It was around lunchtime on April 28, 1996, when Anita Bingham heard the first bang.
The 17-year-old had only been working at Tasmania's Port Arthur Historic Site for about a month. She was a waiter at the Frances Langford Tearooms, one of two cafes at the former convict settlement.
A moment later, there was another bang. And another.
Bingham figured it must have been a historical reenactment; actors staging a clash between convicts and guards for the benefit of the hundreds of tourists present that day.
She wandered outside towards the sounds. But as the bangs continued, she felt a rising unease.

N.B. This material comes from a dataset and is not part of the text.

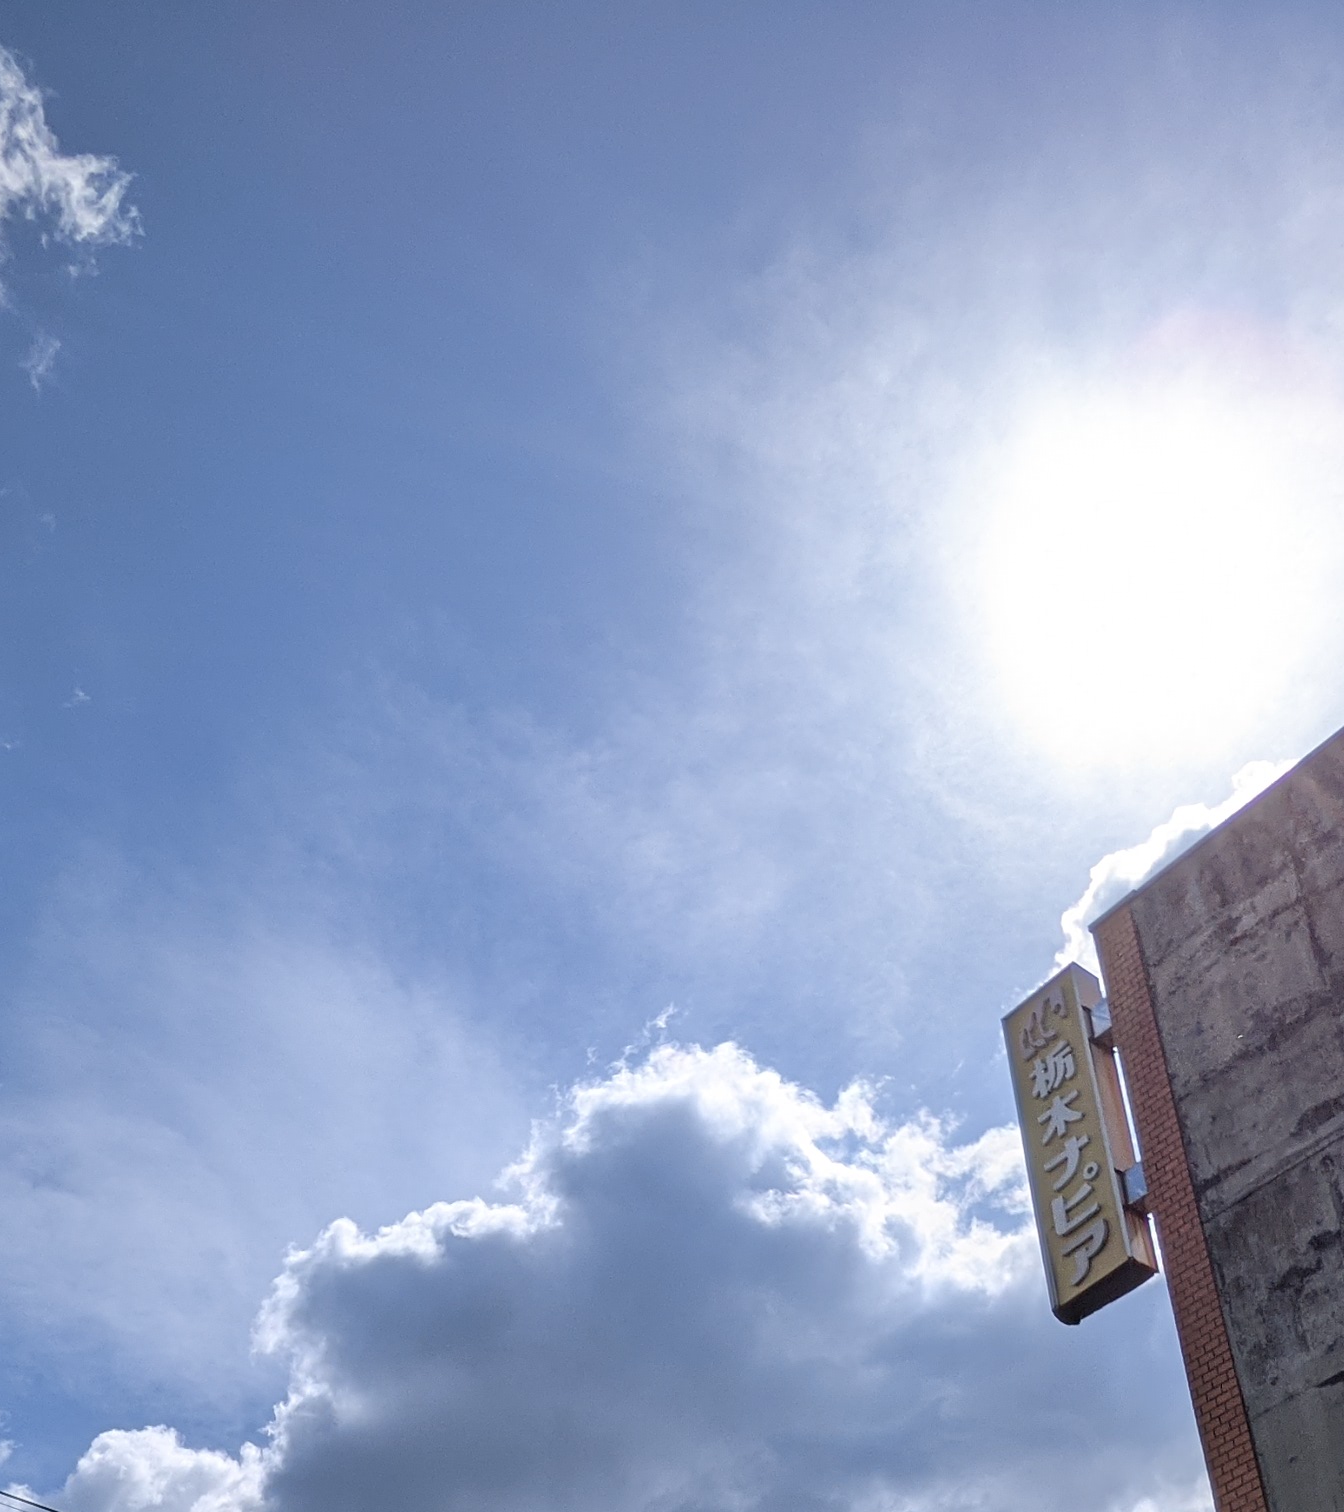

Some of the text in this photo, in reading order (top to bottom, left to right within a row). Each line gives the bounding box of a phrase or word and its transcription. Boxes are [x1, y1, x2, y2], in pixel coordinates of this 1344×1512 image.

"I could see people ducking behind walls of the buildings on the site. But it was quite a distance from me," Bingham told Mamamia's True Crime Conversations podcast. "I couldn't quite see exactly what was going on."
What Anita Bingham witnessed unfolding that day was no show. It was one of the deadliest crimes in modern Australia's history.
"It didn't feel real."
By the time Martin Bryant, 25, opened fire at Port Arthur's Broad Arrow Cafe that afternoon, he'd already claimed his first two victims: David and Noelene Martin.

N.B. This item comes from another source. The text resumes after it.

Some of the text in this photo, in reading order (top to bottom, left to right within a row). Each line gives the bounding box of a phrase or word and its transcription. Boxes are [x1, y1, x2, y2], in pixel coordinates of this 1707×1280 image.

The couple owned a guesthouse called Seascape on the Tasman Peninsula. Bryant's father, Maurice, had been eager to purchase the property several years prior, but the Martins beat him to it.
Maurice Bryant, who struggled with mental illness, died by suicide in 1993, and while Bryant has never revealed a motive for his crimes, it's been speculated that the first part of his killing spree was an act of revenge in his father's name.
After killing the Martins at Seascape around midday on April 28, Bryant drove roughly five kilometres to the Port Arthur Historic Site.